Exercise aim — Would you return the data below exactly as it stands, with every picture left out?

Data —
((
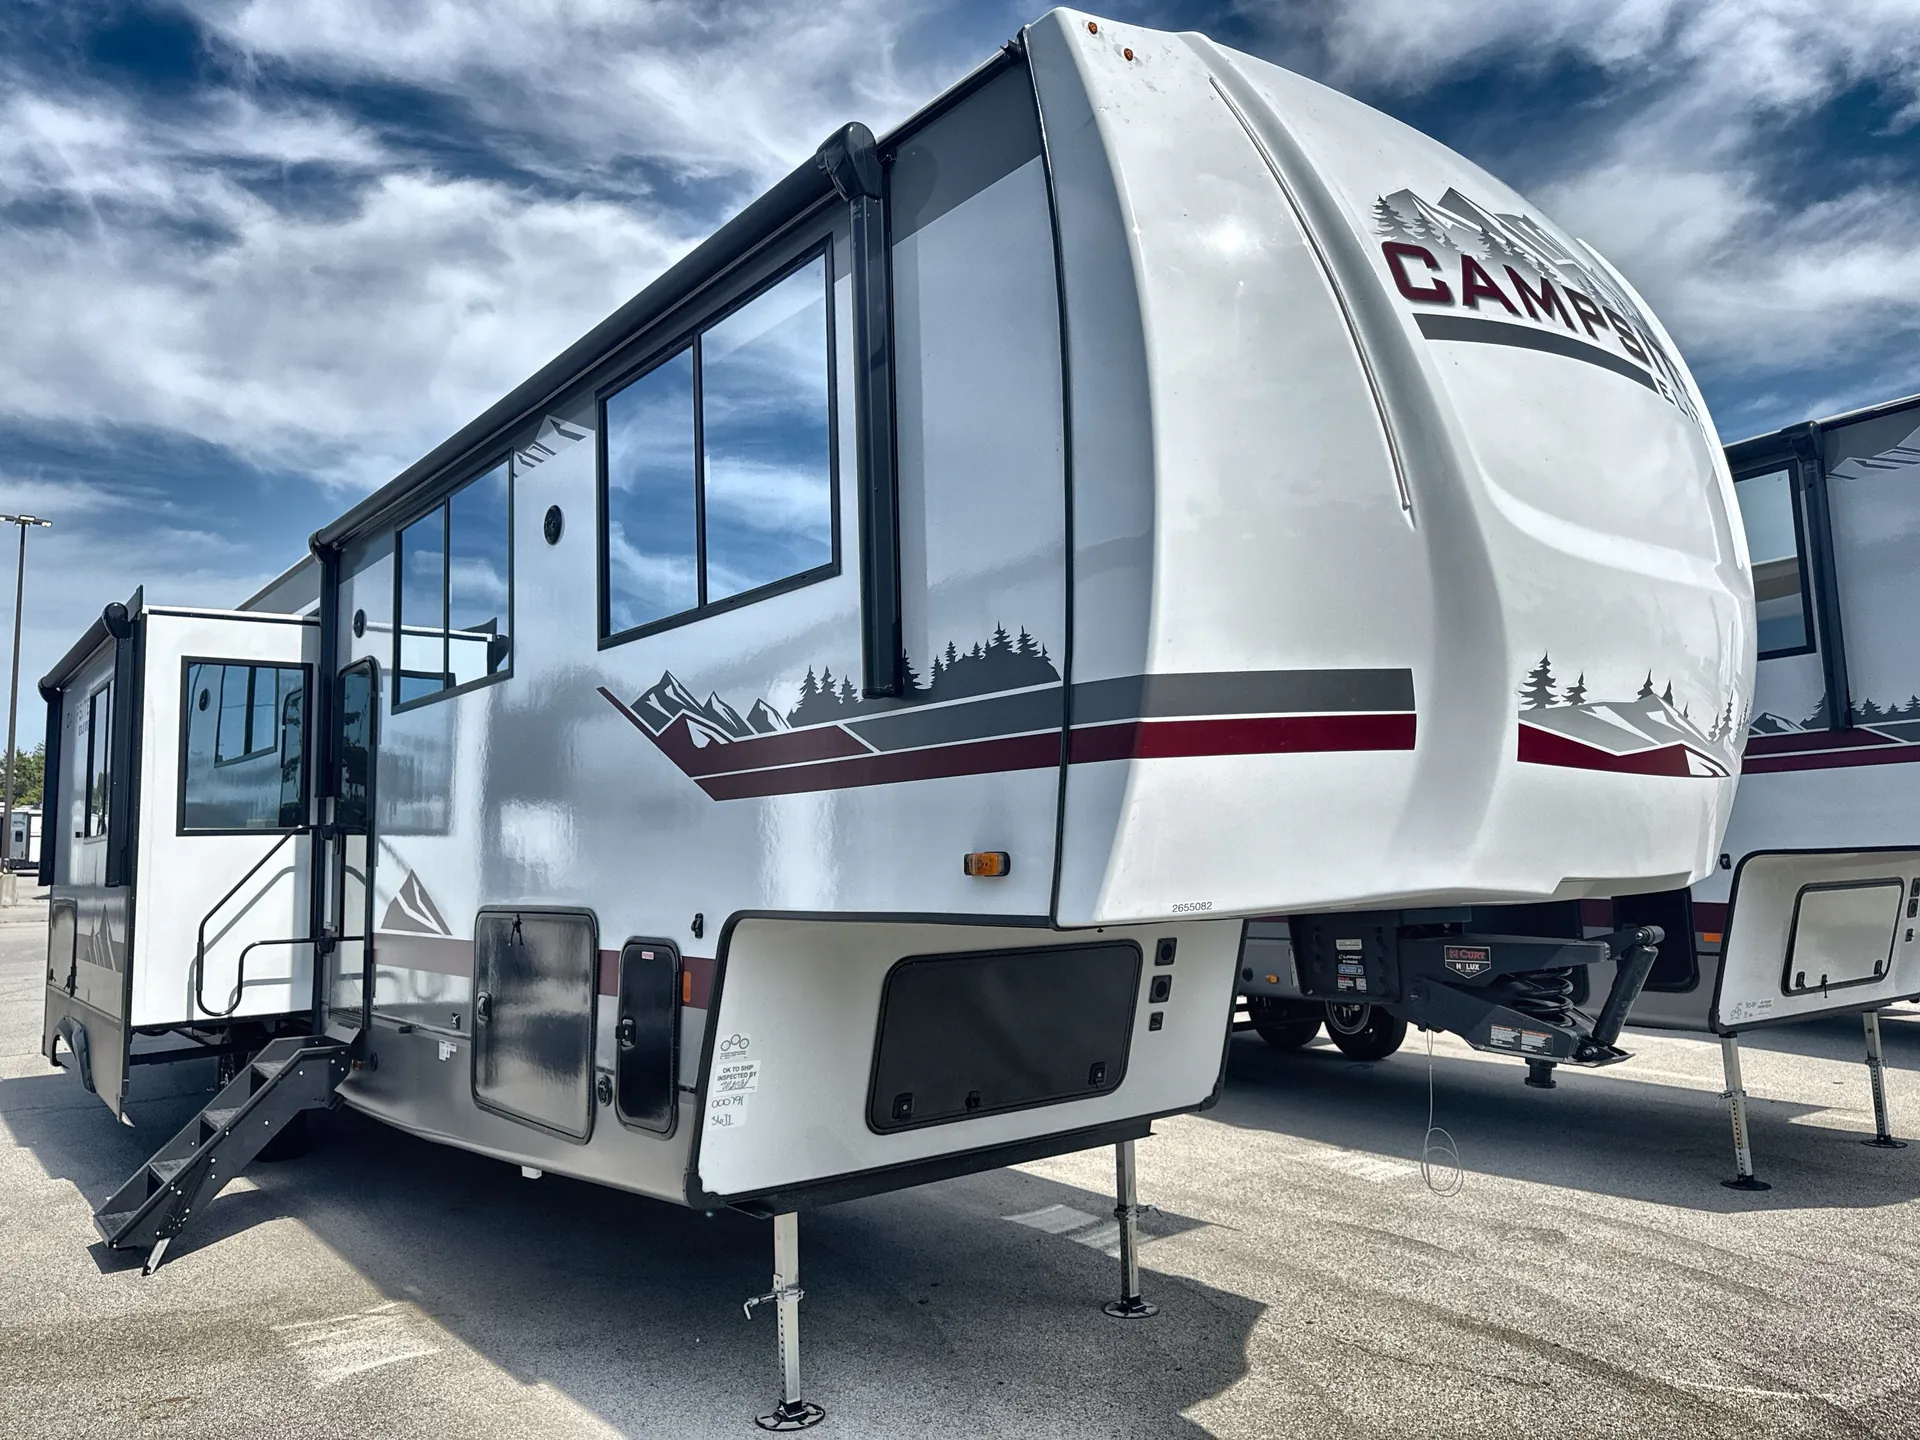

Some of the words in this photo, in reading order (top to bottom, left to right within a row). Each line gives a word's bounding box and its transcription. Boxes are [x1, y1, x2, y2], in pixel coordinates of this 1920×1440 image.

[1172, 901, 1213, 913] 2655082
[1460, 950, 1486, 960] CURT
[740, 1064, 754, 1072] SHIP
[717, 1072, 748, 1081] INSPECTED
))
Answer to the problem —
Some of the words in this photo, in reading order (top to bottom, left to right within a row). Each line gives a word's bounding box and its transcription. Boxes are [x1, y1, x2, y2], in pixel coordinates of this 1920×1440 image.

[1172, 901, 1213, 913] 2655082
[1460, 950, 1486, 960] CURT
[740, 1064, 754, 1072] SHIP
[717, 1072, 748, 1081] INSPECTED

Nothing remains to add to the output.